Da quando il mondo del lavoro ha espulso anzi tempo molti amici della mia generazione me compresa, mi capita di confrontarmi spesso con persone che vivono come in sospensione, in attesa che qualcosa accada.
Io stessa sento di vivere aspettando.
È un’attesa senza direzione la mia, aspetto qualcosa e mi rifugio nell’idea che, se saprò essere paziente, questa gestazione psichica che avverto così espansiva e forte e dolorosa, libererà in me un esito benefico. Qualcuno o qualcosa verrà: “verrà, se resisto” scrive Clemente Rebora, in una sua poesia di immensa bellezza. L’attesa è apertura al tempo e all’avvenire. E voglio crederci.

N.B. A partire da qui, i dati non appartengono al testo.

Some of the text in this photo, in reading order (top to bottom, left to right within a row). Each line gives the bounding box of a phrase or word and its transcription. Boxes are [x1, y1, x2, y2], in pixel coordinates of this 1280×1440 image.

Mi ripeto che attendere è nella natura dell’uomo. Da sempre gli esseri umani aspettano di incontrare il divino, di raggiungere una persona amata, di realizzare un desiderio o un progetto di vita. Nel frattempo, quando diventiamo consapevoli di questa esperienza interiore, ci confrontiamo con i sentimenti, con quel filo fragilissimo che ci spinge a cercare un senso. E questo è un bene.
Ho letto di recente L’attesa e la speranza di Eugenio Borgna (Feltrinelli, 2005), che è primario di psichiatria all’Ospedale Maggiore di Novara ma non solo… è un grande scrittore, cultore appassionato di poesia e di letteratura. E sulle ali leggere delle sue parole, l’attesa diventa una dimensione lirica e metafisica.

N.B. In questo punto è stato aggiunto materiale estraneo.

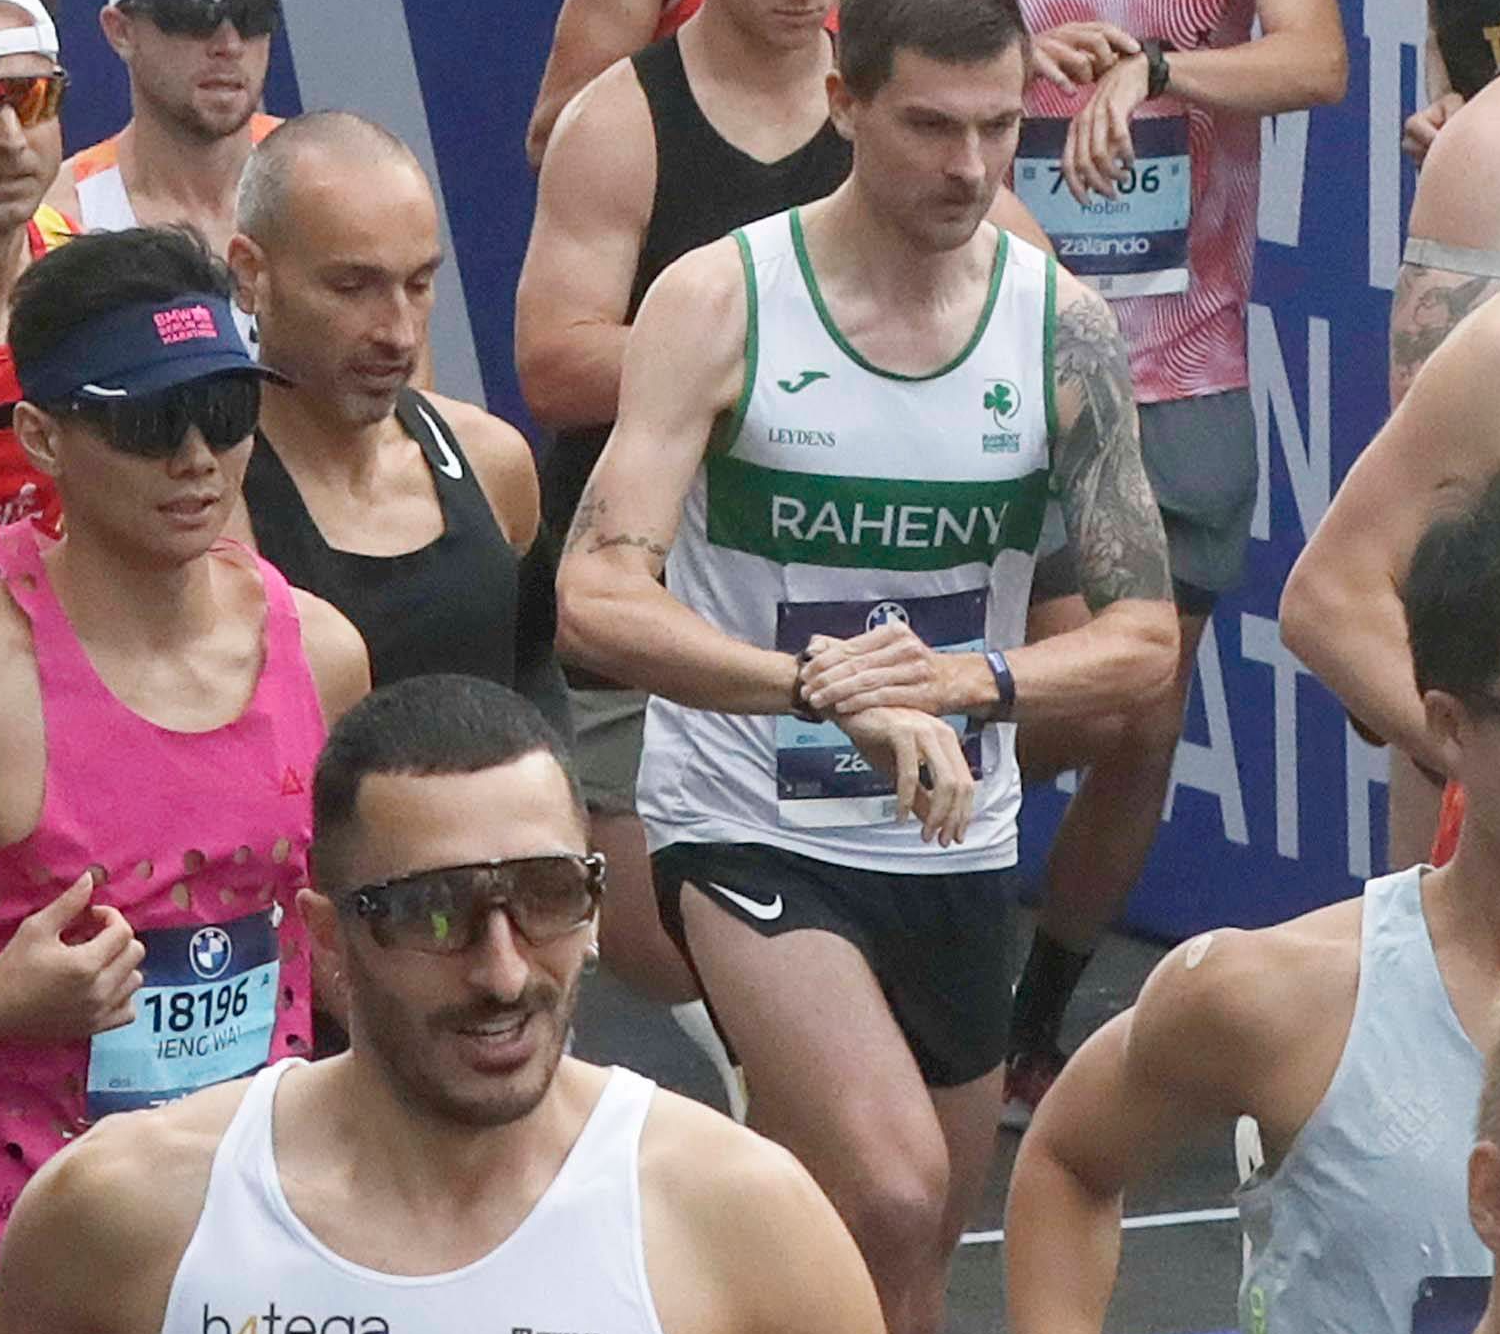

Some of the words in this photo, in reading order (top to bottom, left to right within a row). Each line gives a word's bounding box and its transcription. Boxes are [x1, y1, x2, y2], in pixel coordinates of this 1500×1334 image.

[1047, 164, 1161, 197] 706
[1057, 237, 1151, 258] zalando
[767, 426, 836, 449] LEYDENS
[769, 494, 1012, 550] RAHENY
[142, 976, 250, 1035] 18196

Per Borgna l’attesa è una passione che ci trascina fuori dal tempo, ci sospende al di sopra dell’esperienza: qualcosa a un certo punto – un Dio, una musa, un oggetto – “fa come un cenno e l’uomo esce dal tempo, si mette sul bordo della strada, e attende”. Attende che quella metamorfosi esistenziale che l’attesa produce possa aprire nuove domande, dilatare le possibilità di guardare la vita. Proprio come in quella magnifica canzone di Giogio Gaber che s’intitola appunto l’Attesa. Ascoltatela, è dolcissima.

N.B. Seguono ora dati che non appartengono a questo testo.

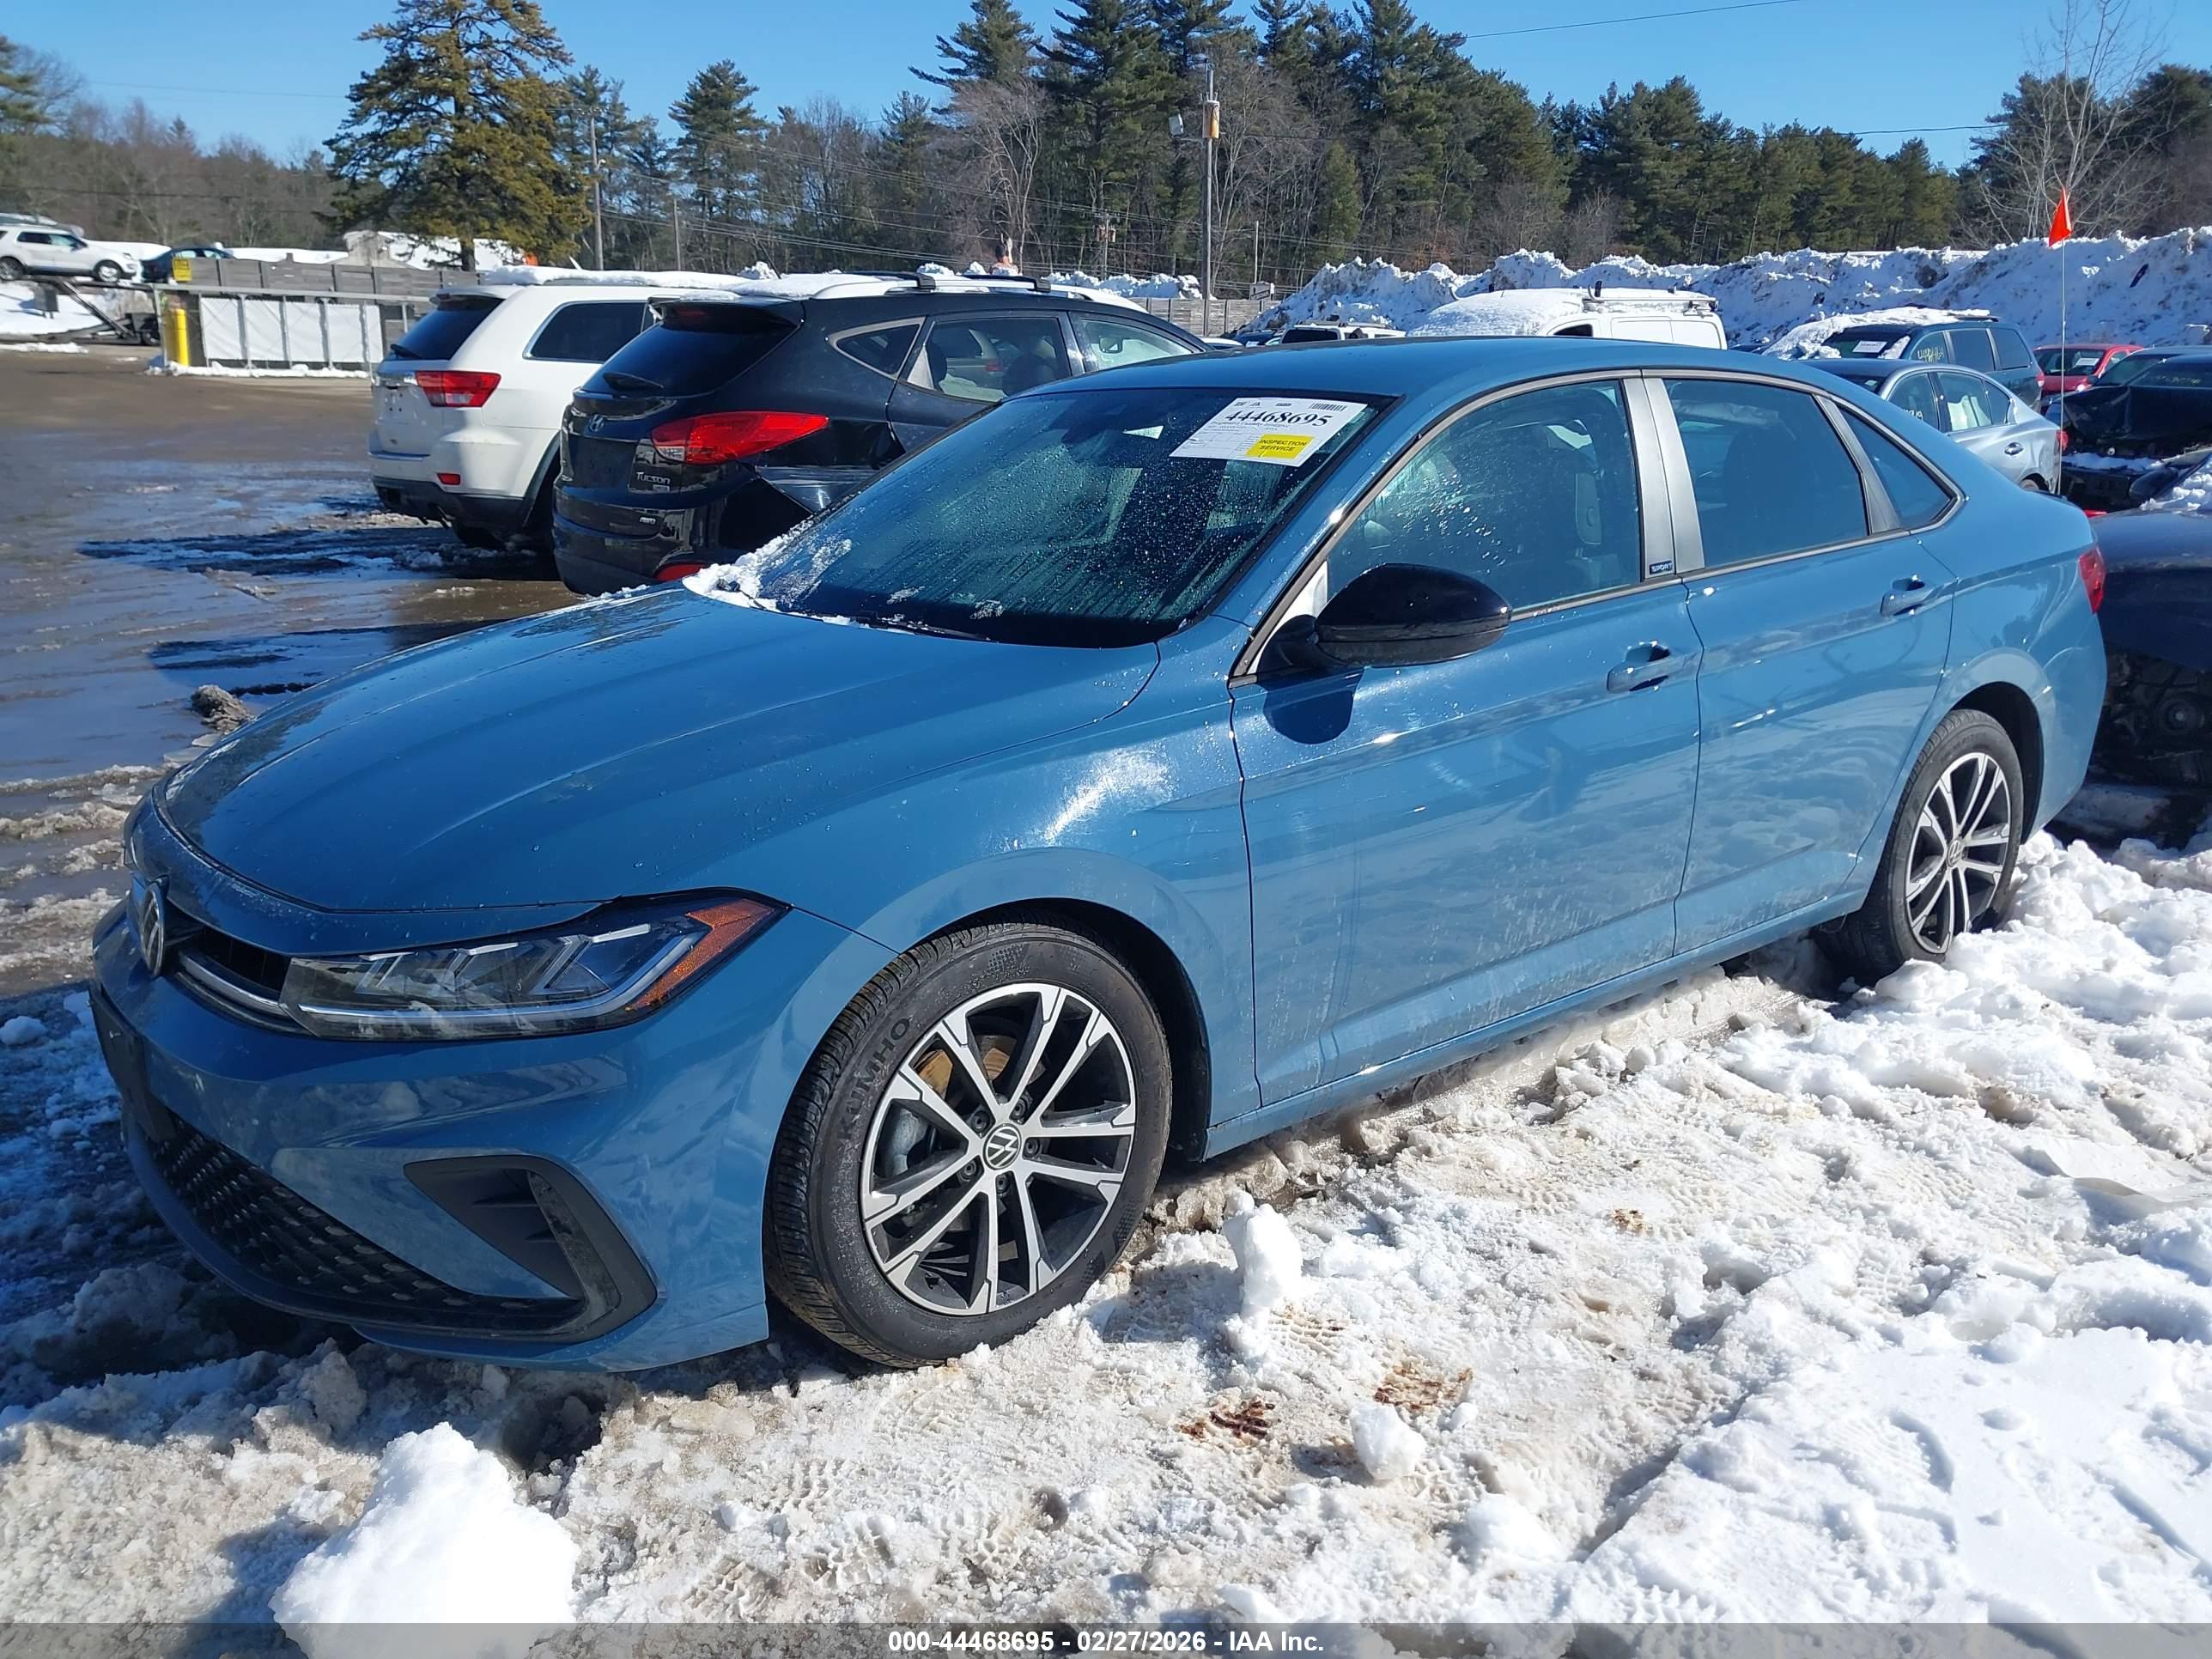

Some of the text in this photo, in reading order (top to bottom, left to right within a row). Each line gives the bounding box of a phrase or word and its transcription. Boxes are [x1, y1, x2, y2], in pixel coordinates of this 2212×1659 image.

Insomma aspettare è vivere, e bisogna saper aspettare…. foss’anche mezzo secolo come era capitato a Fiorentino Aziza nel romanzo di Marquez, L’amore ai tempi del colera, che aveva aspettato la sua Fermina Daza (sposata con un altro) per “cinquantatré anni sette mesi e undici giorni notti comprese”. Solo allora era partito con lei per un lungo viaggio su un battello fluviale.
E, ormai vecchi, avevano finalmente fatto l’amore.